Universal Credit changes sees foodbank queues in Islington
“The government’s policy is one of deliberate destitution and it needs to end,” says councillor
02 November, 2018 — By Emily Finch
Savvas Pans of the Pilion Trust
A FOODBANK has seen a huge surge in demand because of the new universal credit benefits system, raising fears that families are struggling to make ends meet.
Savvas Panas, who runs a foodbank in Caledonian Road, said requests for food and hygiene products had tripled compared with the same time last year.
“Around 60 per cent of the people coming here are now on universal credit,” he said. “What we’ve also found is that when families come to collect food they are picking salad and fruit, things that don’t need cooking. It’s leading us to believe they can’t afford electricity or gas to cook.”
Claimants have told the Tribune their payments have been “slashed” because of mistakes made during the introduction of the scheme that can take weeks to resolve.
Mr Panas, who works for the Pilion Trust foodbank and runs a homeless shelter for young people over the winter months, said there was an average five-week wait before people received benefits under the new system.
“They have to come here while they wait or they won’t be able to eat,” he said.
Around 4,000 people are already on universal credit in Islington, with the system to be fully rolled out in April next year.

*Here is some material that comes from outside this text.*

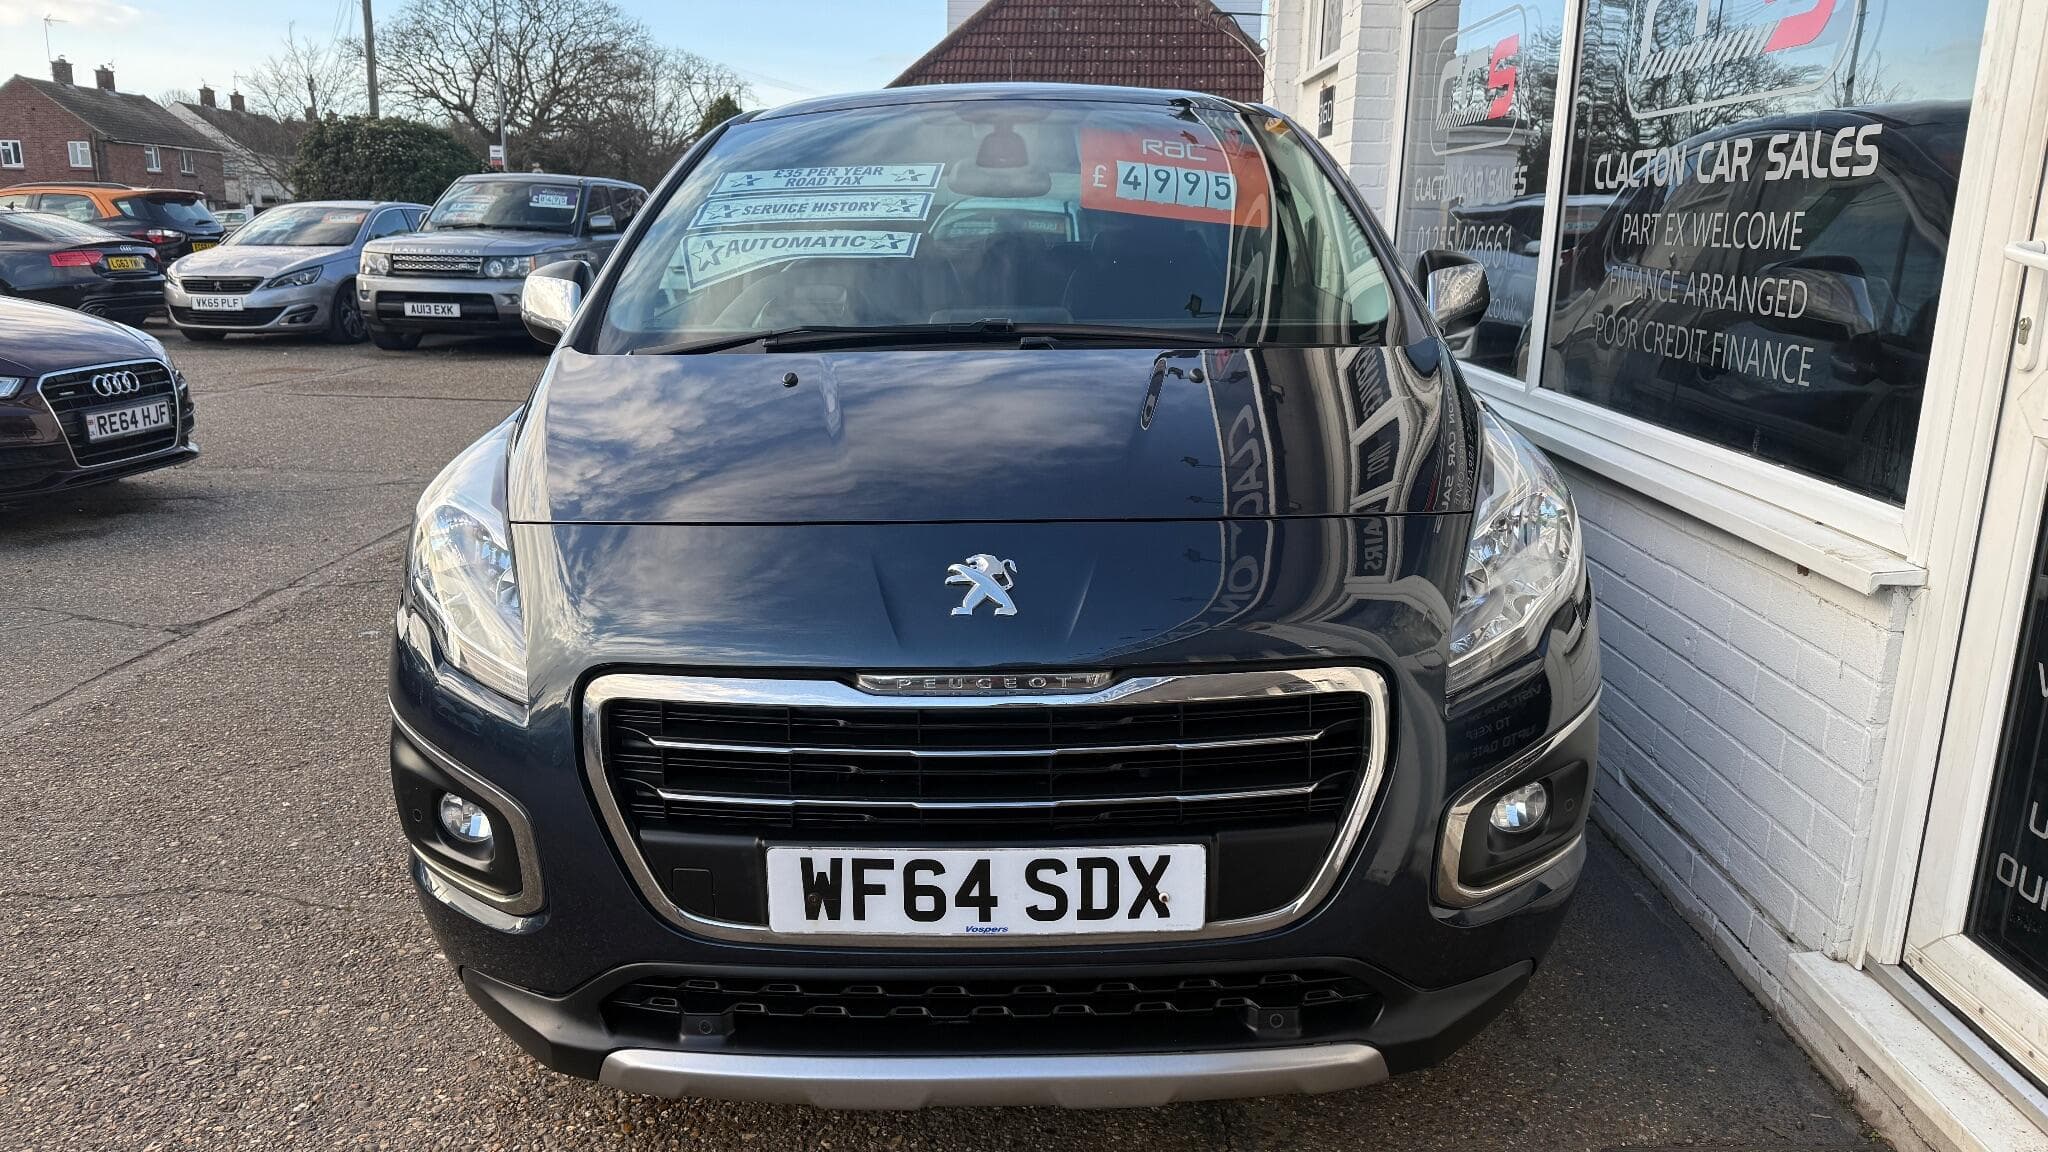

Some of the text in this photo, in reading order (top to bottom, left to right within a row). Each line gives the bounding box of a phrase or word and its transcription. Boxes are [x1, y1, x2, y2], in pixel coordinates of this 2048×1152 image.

The system brings six “legacy” benefits – including unemployment benefits, tax credits and housing benefits – together in a single
monthly payment to claimants. While it has been designed to make things easier for claimants and encourage them into work, Islington Council estimates 44 per cent of households will be worse off.
Many are facing rent arrears averaging around £1,060 – eight times more than those not on the new system. New benefits applicants must apply for universal credit.
Mr Panas is helping someone every two days with a universal credit application, which can take four hours to complete.
A 50-year old woman, who did not wish to be named but was being assisted by Mr Panas on Wednesday, told the Tribune she and her disabled husband were given just over £200 for this month under universal credit to cover household spending. Her husband cannot work because of chronic pain.
She asked: “How am I meant to survive on this? They’ve also made a mistake with my income amount, which means I am getting even less money this month.”
Mr Panas said: “The majority of people who come here are not computer literate. The older people are less tech savvy. We’re lucky if they have a brick phone.
“There is no way they can go through that application alone. It’s meant to be easier but it’s not.”
He added that claimants faced “significant delays” during credit checks, especially if they previously lived in a homeless hostel or on the streets.
Another foodbank user, Jonathan, who did not wish to give his surname, said he was unable to apply for universal credit because his ID was out of date.
“But I don’t have money to get a new ID so I have to go to the foodbank,” he said.
The Trussell Trust, which runs a network of foodbanks throughout the country, has said it has seen an increase of 52 per cent in people coming to it in areas where universal credit has been rolled out.
Councillor Andy Hull, Islington’s executive member for finance, performance and community safety, said: “Even when a claimant does everything right, and even when their local authority goes the extra mile to support them, universal credit is driving people into poverty. Both locally and nationally, more people lose money as a result of moving to universal credit than gain.
“The government’s policy is one of deliberate destitution and it needs to end.”
A Department for Work and Pensions spokesman said: “We’re incentivising work and restoring fairness to the system, while supporting people from all backgrounds. That’s why we continue to spend over £90bn a year on support for those who need it, including those who are bringing up a family or on a low income.
“The reasons why people use foodbanks are complex, so it’s wrong to link a rise to any one cause.”